◆ What you are asked to do
Every line below must come back exactly as it stands, with the images omitted.

··· Information supplied ···

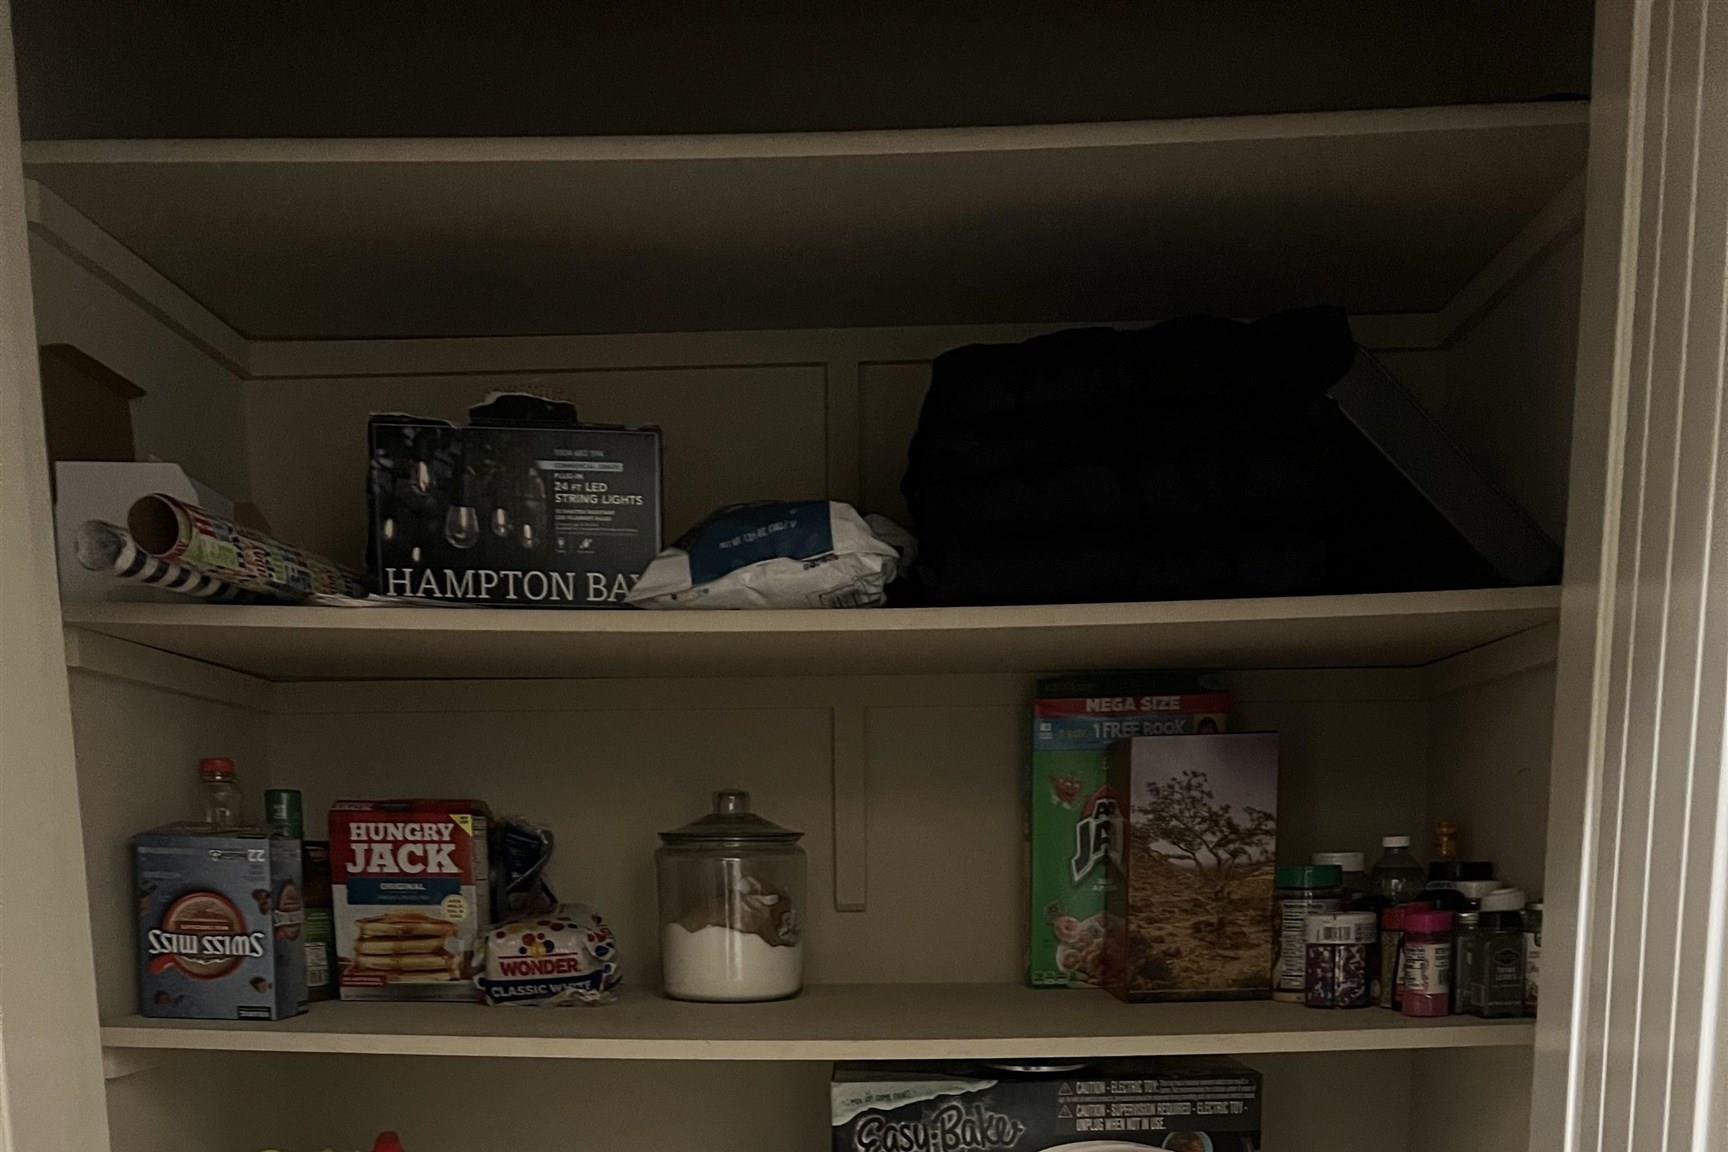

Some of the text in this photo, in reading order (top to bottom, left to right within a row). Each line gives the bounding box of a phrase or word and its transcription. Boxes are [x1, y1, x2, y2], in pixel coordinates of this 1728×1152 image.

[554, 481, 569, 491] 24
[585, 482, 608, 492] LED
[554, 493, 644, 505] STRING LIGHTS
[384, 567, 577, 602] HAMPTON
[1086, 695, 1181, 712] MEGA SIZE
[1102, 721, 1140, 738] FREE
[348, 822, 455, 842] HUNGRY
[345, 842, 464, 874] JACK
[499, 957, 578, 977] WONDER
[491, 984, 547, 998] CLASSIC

···

◆ Answer to this problem
Some of the text in this photo, in reading order (top to bottom, left to right within a row). Each line gives the bounding box of a phrase or word and its transcription. Boxes are [x1, y1, x2, y2], in pixel coordinates of this 1728×1152 image.

[554, 481, 569, 491] 24
[585, 482, 608, 492] LED
[554, 493, 644, 505] STRING LIGHTS
[384, 567, 577, 602] HAMPTON
[1086, 695, 1181, 712] MEGA SIZE
[1102, 721, 1140, 738] FREE
[348, 822, 455, 842] HUNGRY
[345, 842, 464, 874] JACK
[499, 957, 578, 977] WONDER
[491, 984, 547, 998] CLASSIC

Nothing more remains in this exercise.